24. Action Rolls - Elasticity and Position and Effect

Okay, elasticity. I was planning to do a whole blog post on it, and I probably will, in the hope that a stand-alone piece has the reach. But let’s talk about it: Elasticity is a relative length of time that a game will let you keep playing incorrectly before it snaps you back to the rules.

When we say incorrectly here, I specifically mean Against Procedure. Not bad or good or wrong, but when will the game interrupt and say “hey, you’re not doing this right”. Elasticity is only of importance to people attempting to play within the procedure, if you’re intentionally violating the flowchart, that’s okay, that isn’t what this is about.

Here’s an example, Blades heads - Have you ever had an Action Roll, and only afterwards said “aww shit we didn’t do position and effect”? That’s the moment of Elasticity. The snapping back. Letting you know you aren’t playing it right. Have you ever rolled dice and said “wait, we never established what Action Rating this is using”? Probably not, and that’s because Action Ratings have very fast elasticity.

Elasticity is important because play is “wobbled through the prism of personality” (Martin Amis in 2003, referring to the less structural parts of poker), and we assume some degree of interpretation and malleability. But games still have things to say, otherwise they’d all just tell us to figure it out ourselves. Elasticity occurs when the game enforces that thing it has to say, enforces that procedure. This is related to, but not the same as Vincent Baker’s 2009 “IIEE with Teeth”. For one thing, Baker takes a much stronger value-stance on the lack of enforcement than I do, (specifically in reference to a pie in the comments), but more specifically, Vincent’s approach is wholly forward-looking. Here’s where we agree:

Most players are pretty lazy, and telling them to do something isn’t the same as designing mechanisms that require them to do it. Telling them won’t make them. Some X-percent of your players will come to you like, “yeah, we didn’t really see why we’d do that, so we didn’t bother. Totally unrelated: the game wasn’t that fun,” and you’re slapping yourself in the forehead. Do you really want to depend on your players’ discipline, their will and ability to do what you tell them to just because you told them to? Will lazy players play the game right, because you’ve given your IIEE self-enforcement, or might they play it wrong, because the game doesn’t correct them? Inevitably, the people who play your game, they’ll come to it with habits they’ve learned from other games. If their habits suit your design, all’s well, but if they don’t, and your game doesn’t reach into their play and correct them, they’ll play your game wrong without realizing it. How well will your game do under those circumstances? Is that okay with you?
— Lazy Play vs IIEE with Teeth - Vincent Baker 2009

Consider Self-Enforcement to be the fastest and shortest (and, interestingly, most disruptive) form of Elasticity.
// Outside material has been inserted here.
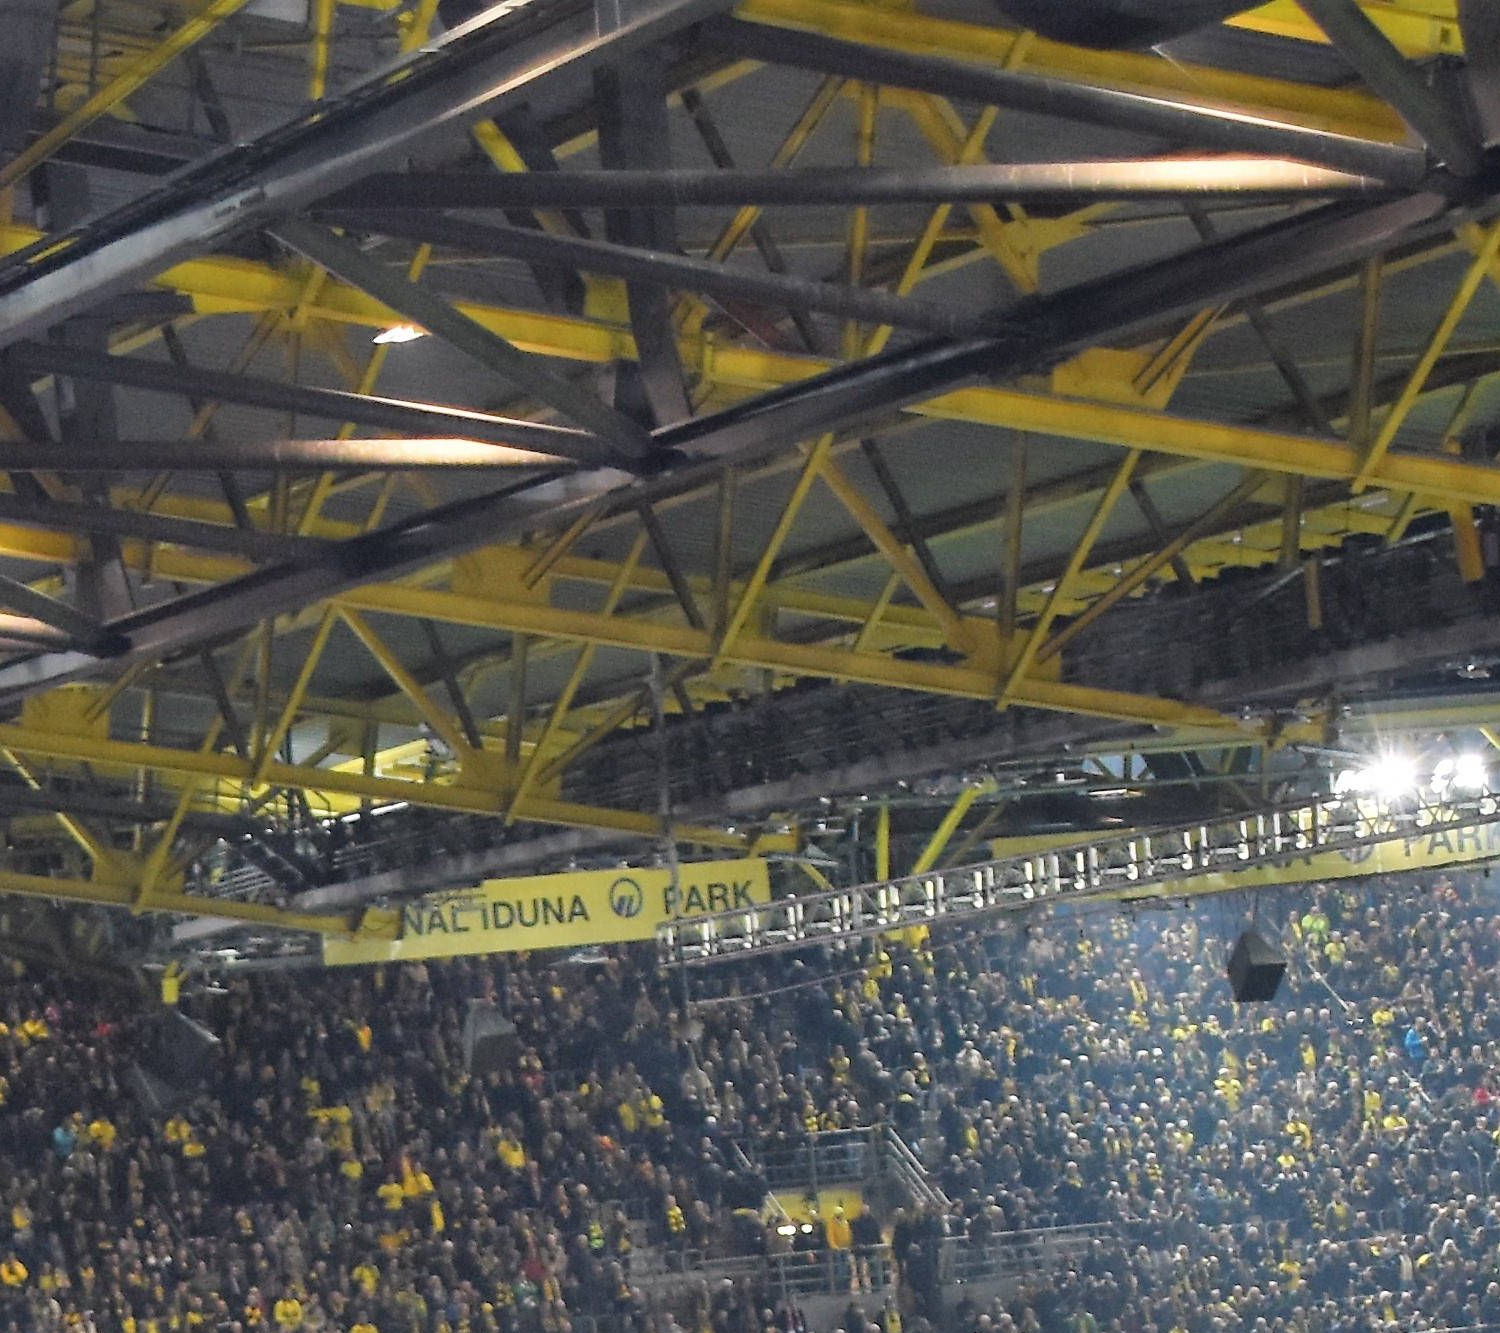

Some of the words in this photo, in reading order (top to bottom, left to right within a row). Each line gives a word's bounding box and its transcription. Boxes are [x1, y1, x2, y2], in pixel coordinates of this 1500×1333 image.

[403, 902, 474, 937] NAL
[481, 895, 591, 931] IDUNA
[664, 880, 752, 915] PARK
The terms agree, but Self-Enforcement cares about what you have to do before you resolve, and Elasticity cares about what happens after, and when it becomes an impact. How far can you play before the game snaps you back and what does the snapping look like? I think XP triggers are a really funny version of this: A player gets to the end and the game says “did you express your drive” and the player says “ahhh yeah I get two xp, because remember when I killed that guy? I did that because I once vowed to uhh kill all the Duskvolians (Dusvolites?). Yep. Mark XP!” The elasticity of the rule allows the player to recontextualise play, and it’s totally harmless.

If we consider Elasticity to have two axes, we have the length of time, and the amount of disruption it causes. The disruption is, like, how much damage it does to the game to be performed afterward.

  • Marking XP above is a long time (could be a whole session), but is minorly disruptive, if at all. It’s all recontextualsation.

  • Marking a Desperate roll is fast, but non-disruptive (which is why it is so often missed)

  • Choosing an Action Rating is very fast, but also very disruptive.

  • Load is, if you ask me, a long elasticity problem and actually pretty disruptive. (For all it’s praise, I think there’s a lot of work to be done on Load. But we’ll have to wait until page 57 or 125 to talk about that.)

Baker (2009) talks about non-self-enforcing mechanics in games as an issue to resolve: “Anyway, you're the designer, and maybe it's okay with you and maybe it isn't, that's your call. (It's my call too for my games, and for the Wicked Age, yeah, maybe it's okay with me.) But I raise the question because from experience, slapping yourself in the forehead when people don't play the way you tell them to gets pretty old. If you don't want the headaches, do yourself a favor and make your game's IIEE self-enforcing.” Broadly, I agree that self-enforcement saves some headaches, but more broadly, and specifically in the sense of elasticity, I think that non-self-enforcing designs are just fine. Imagine a version of Blades that asked you to decide before acting if the action highlighted your beliefs, background, or drives and whether or not it allowed you to mark XP? I don’t think that’s a better game to play in any way.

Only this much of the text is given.